• [TASK REQUIREMENTS] Every record, from first to last, should be written out again exactly.

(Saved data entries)
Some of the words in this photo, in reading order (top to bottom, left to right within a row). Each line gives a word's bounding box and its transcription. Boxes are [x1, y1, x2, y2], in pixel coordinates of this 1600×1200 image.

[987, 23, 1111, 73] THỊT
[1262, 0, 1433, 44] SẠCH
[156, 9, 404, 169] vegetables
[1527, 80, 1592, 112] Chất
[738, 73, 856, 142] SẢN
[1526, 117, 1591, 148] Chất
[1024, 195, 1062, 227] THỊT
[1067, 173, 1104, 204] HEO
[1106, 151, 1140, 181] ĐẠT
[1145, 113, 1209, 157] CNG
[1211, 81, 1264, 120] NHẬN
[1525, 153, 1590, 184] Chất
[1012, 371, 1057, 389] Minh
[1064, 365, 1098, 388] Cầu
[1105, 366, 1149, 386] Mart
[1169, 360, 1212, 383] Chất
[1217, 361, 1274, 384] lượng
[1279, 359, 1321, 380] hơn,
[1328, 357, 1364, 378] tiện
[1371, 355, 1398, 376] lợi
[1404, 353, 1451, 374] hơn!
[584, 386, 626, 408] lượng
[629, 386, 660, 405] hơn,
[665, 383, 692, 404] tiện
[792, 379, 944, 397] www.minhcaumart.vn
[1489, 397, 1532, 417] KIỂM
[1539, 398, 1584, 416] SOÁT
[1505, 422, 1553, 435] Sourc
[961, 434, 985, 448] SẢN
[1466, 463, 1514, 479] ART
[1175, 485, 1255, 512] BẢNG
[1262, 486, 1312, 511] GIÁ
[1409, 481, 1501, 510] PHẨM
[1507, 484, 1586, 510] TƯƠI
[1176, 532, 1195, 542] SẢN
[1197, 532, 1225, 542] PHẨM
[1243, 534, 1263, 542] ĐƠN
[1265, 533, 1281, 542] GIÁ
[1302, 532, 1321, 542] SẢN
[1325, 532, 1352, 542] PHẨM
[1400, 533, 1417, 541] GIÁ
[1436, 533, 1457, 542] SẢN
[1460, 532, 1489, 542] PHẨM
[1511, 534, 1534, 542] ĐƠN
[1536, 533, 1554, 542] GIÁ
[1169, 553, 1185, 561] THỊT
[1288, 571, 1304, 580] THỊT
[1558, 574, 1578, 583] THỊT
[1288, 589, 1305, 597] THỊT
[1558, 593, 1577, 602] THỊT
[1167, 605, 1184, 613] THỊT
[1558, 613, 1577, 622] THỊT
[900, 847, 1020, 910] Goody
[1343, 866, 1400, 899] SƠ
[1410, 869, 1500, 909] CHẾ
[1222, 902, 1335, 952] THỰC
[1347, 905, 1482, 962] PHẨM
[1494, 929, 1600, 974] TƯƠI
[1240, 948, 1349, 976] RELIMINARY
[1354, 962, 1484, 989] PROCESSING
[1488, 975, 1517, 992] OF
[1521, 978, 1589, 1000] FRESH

• [TASK RESULT]
Some of the words in this photo, in reading order (top to bottom, left to right within a row). Each line gives a word's bounding box and its transcription. Boxes are [x1, y1, x2, y2], in pixel coordinates of this 1600×1200 image.

[987, 23, 1111, 73] THỊT
[1262, 0, 1433, 44] SẠCH
[156, 9, 404, 169] vegetables
[1527, 80, 1592, 112] Chất
[738, 73, 856, 142] SẢN
[1526, 117, 1591, 148] Chất
[1024, 195, 1062, 227] THỊT
[1067, 173, 1104, 204] HEO
[1106, 151, 1140, 181] ĐẠT
[1145, 113, 1209, 157] CNG
[1211, 81, 1264, 120] NHẬN
[1525, 153, 1590, 184] Chất
[1012, 371, 1057, 389] Minh
[1064, 365, 1098, 388] Cầu
[1105, 366, 1149, 386] Mart
[1169, 360, 1212, 383] Chất
[1217, 361, 1274, 384] lượng
[1279, 359, 1321, 380] hơn,
[1328, 357, 1364, 378] tiện
[1371, 355, 1398, 376] lợi
[1404, 353, 1451, 374] hơn!
[584, 386, 626, 408] lượng
[629, 386, 660, 405] hơn,
[665, 383, 692, 404] tiện
[792, 379, 944, 397] www.minhcaumart.vn
[1489, 397, 1532, 417] KIỂM
[1539, 398, 1584, 416] SOÁT
[1505, 422, 1553, 435] Sourc
[961, 434, 985, 448] SẢN
[1466, 463, 1514, 479] ART
[1175, 485, 1255, 512] BẢNG
[1262, 486, 1312, 511] GIÁ
[1409, 481, 1501, 510] PHẨM
[1507, 484, 1586, 510] TƯƠI
[1176, 532, 1195, 542] SẢN
[1197, 532, 1225, 542] PHẨM
[1243, 534, 1263, 542] ĐƠN
[1265, 533, 1281, 542] GIÁ
[1302, 532, 1321, 542] SẢN
[1325, 532, 1352, 542] PHẨM
[1400, 533, 1417, 541] GIÁ
[1436, 533, 1457, 542] SẢN
[1460, 532, 1489, 542] PHẨM
[1511, 534, 1534, 542] ĐƠN
[1536, 533, 1554, 542] GIÁ
[1169, 553, 1185, 561] THỊT
[1288, 571, 1304, 580] THỊT
[1558, 574, 1578, 583] THỊT
[1288, 589, 1305, 597] THỊT
[1558, 593, 1577, 602] THỊT
[1167, 605, 1184, 613] THỊT
[1558, 613, 1577, 622] THỊT
[900, 847, 1020, 910] Goody
[1343, 866, 1400, 899] SƠ
[1410, 869, 1500, 909] CHẾ
[1222, 902, 1335, 952] THỰC
[1347, 905, 1482, 962] PHẨM
[1494, 929, 1600, 974] TƯƠI
[1240, 948, 1349, 976] RELIMINARY
[1354, 962, 1484, 989] PROCESSING
[1488, 975, 1517, 992] OF
[1521, 978, 1589, 1000] FRESH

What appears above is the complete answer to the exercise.